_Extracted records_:
= Beginning of Section =

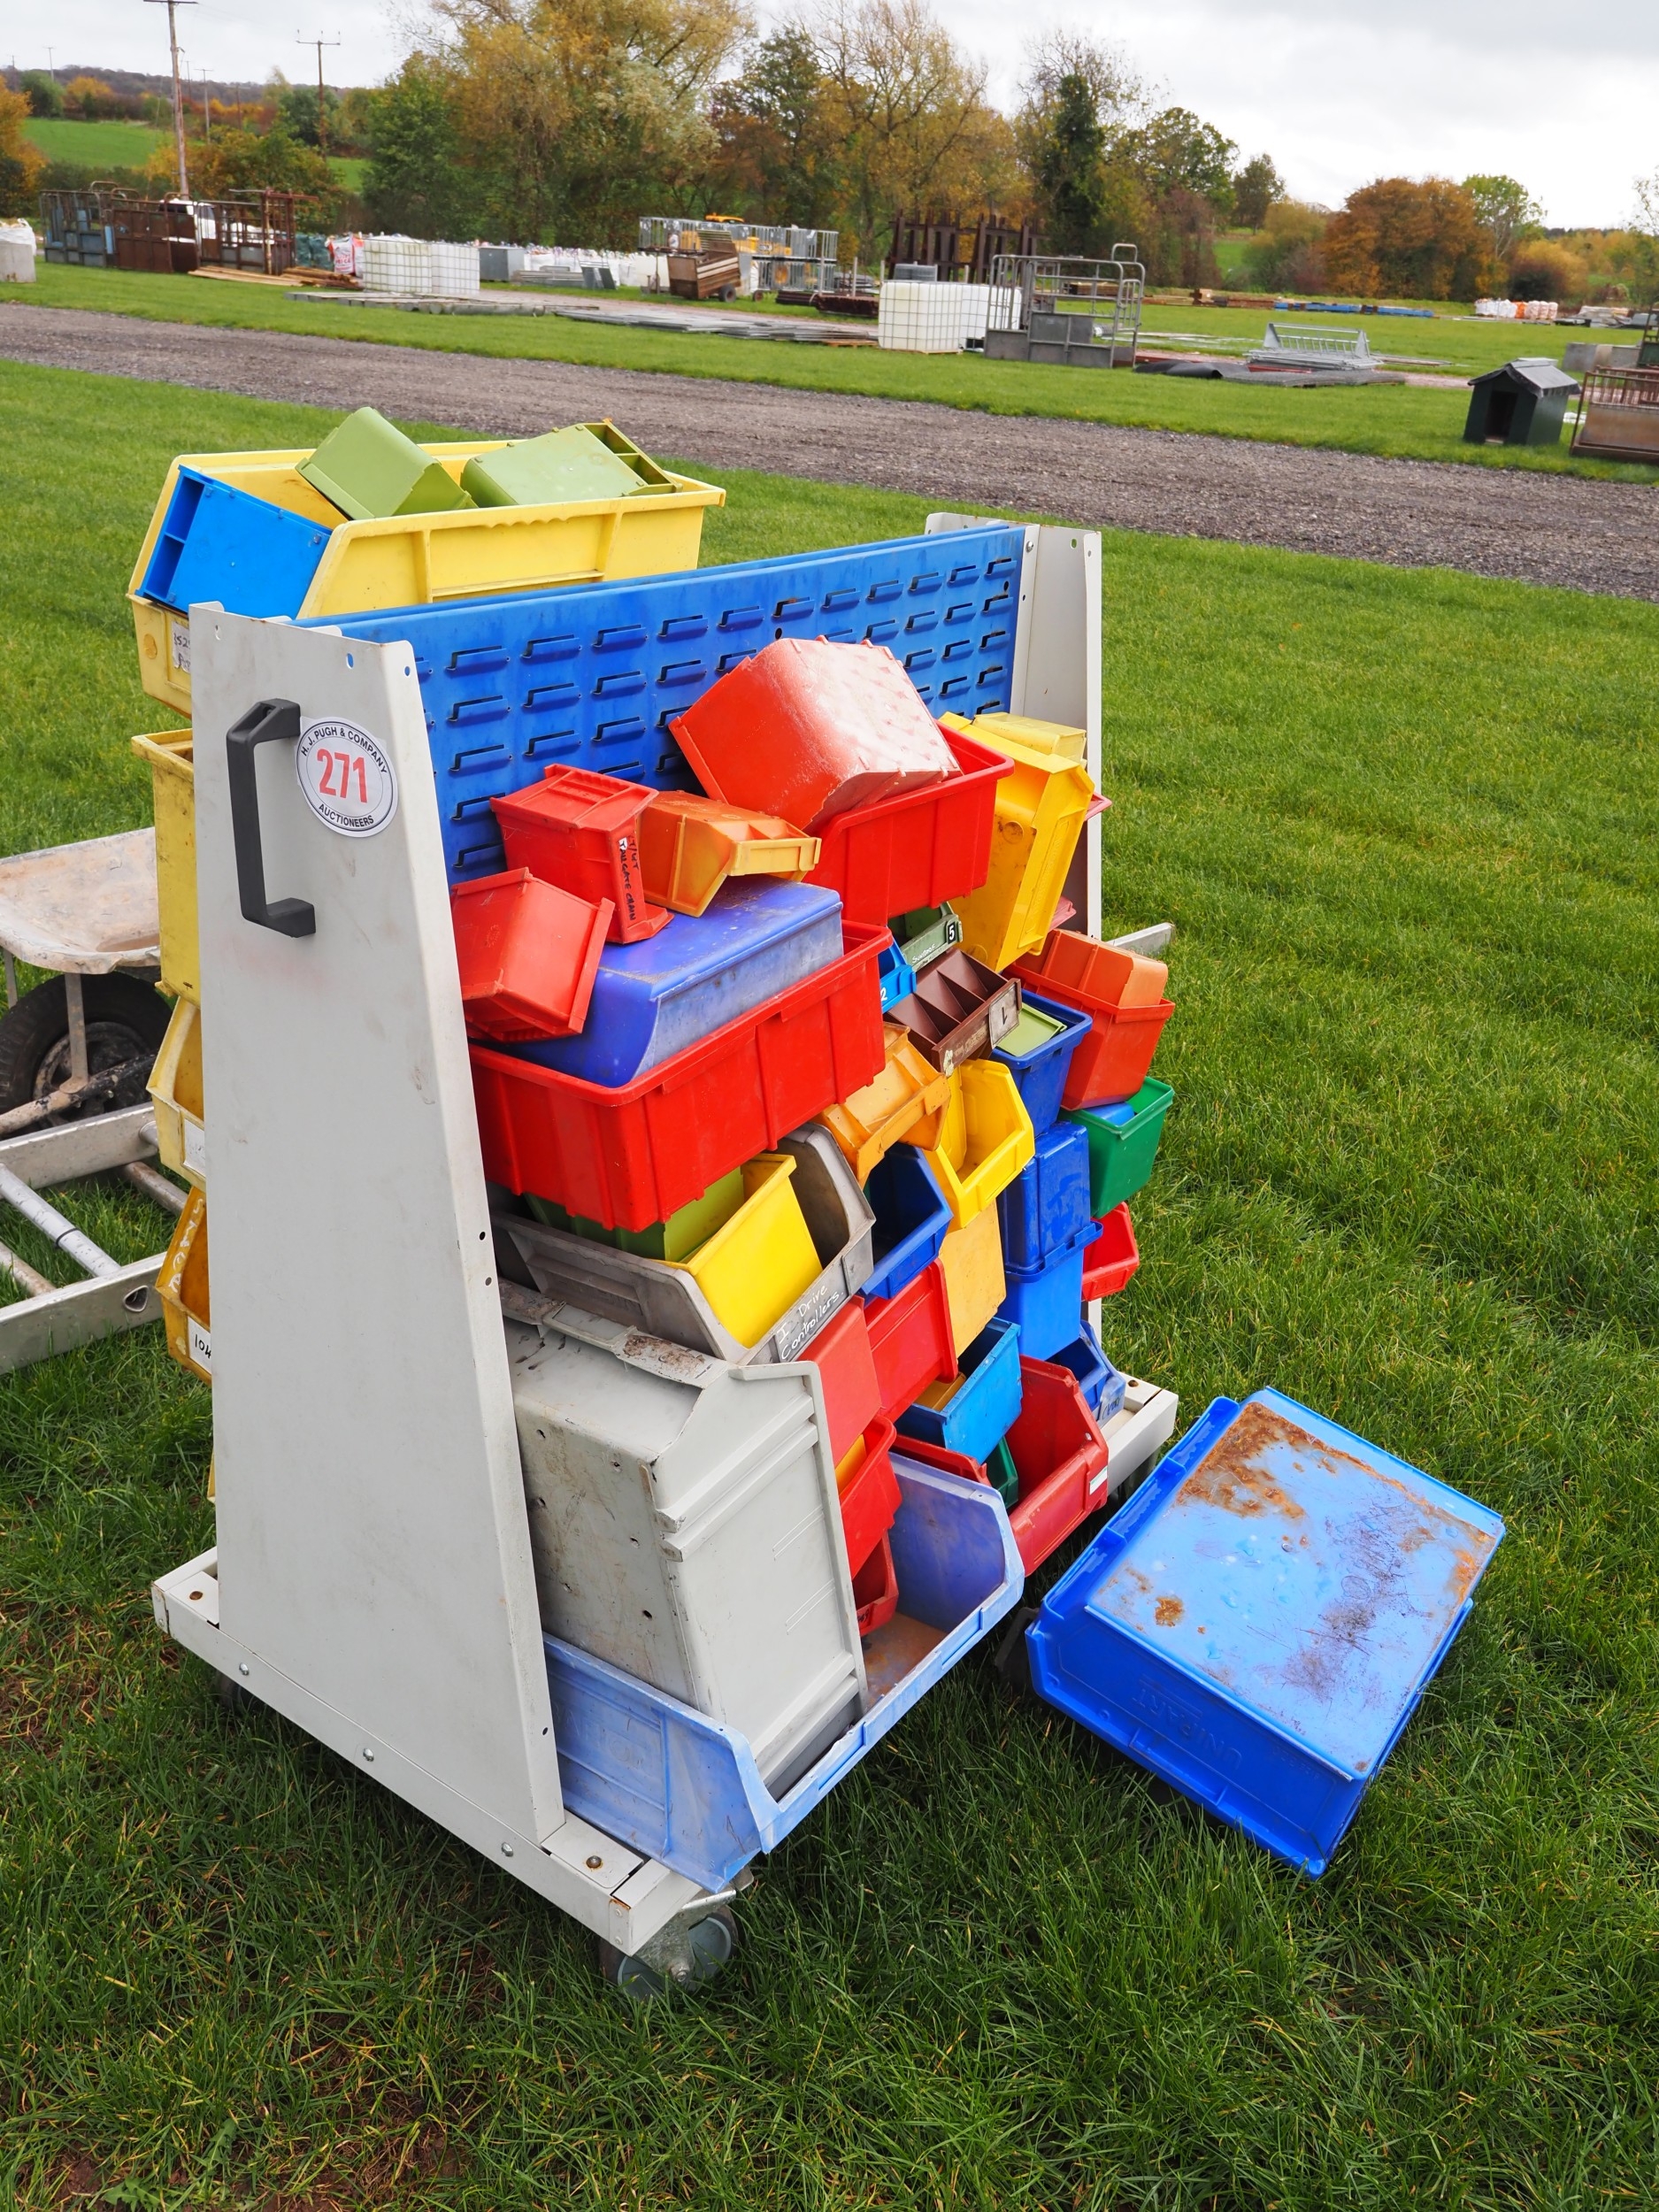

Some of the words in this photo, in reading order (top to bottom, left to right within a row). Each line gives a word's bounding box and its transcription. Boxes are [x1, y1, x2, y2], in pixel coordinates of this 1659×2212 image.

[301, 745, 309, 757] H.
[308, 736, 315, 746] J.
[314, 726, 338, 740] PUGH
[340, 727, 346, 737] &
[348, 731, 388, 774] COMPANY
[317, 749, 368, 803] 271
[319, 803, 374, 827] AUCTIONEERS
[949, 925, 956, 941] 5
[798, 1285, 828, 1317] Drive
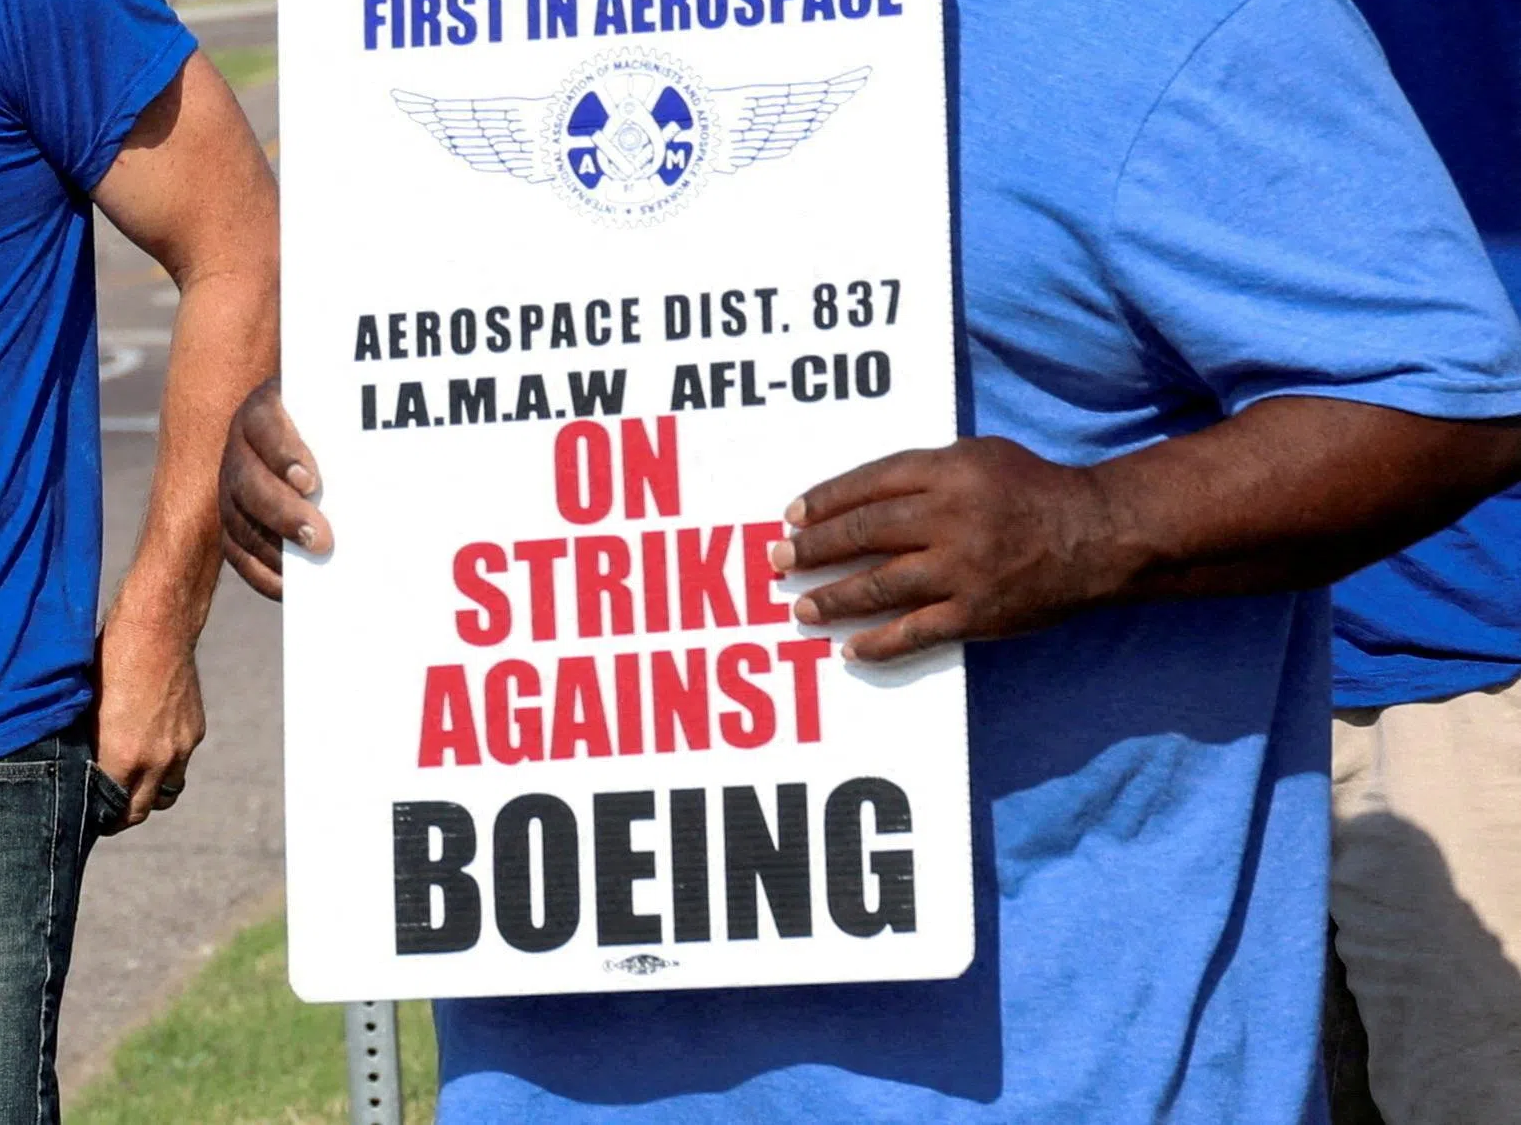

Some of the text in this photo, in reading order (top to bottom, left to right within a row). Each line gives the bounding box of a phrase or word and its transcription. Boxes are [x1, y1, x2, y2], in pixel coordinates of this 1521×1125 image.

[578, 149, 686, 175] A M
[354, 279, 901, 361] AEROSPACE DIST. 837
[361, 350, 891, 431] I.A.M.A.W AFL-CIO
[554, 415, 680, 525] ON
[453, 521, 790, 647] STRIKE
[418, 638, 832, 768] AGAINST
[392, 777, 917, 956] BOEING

= End of Section =

_Problem statement_: All lines from the one containing "Some of the text" down to the final line above are to be restated word for word; leave out the rest.

_Answer_:
Some of the text in this photo, in reading order (top to bottom, left to right within a row). Each line gives the bounding box of a phrase or word and its transcription. Boxes are [x1, y1, x2, y2], in pixel coordinates of this 1521×1125 image.

[578, 149, 686, 175] A M
[354, 279, 901, 361] AEROSPACE DIST. 837
[361, 350, 891, 431] I.A.M.A.W AFL-CIO
[554, 415, 680, 525] ON
[453, 521, 790, 647] STRIKE
[418, 638, 832, 768] AGAINST
[392, 777, 917, 956] BOEING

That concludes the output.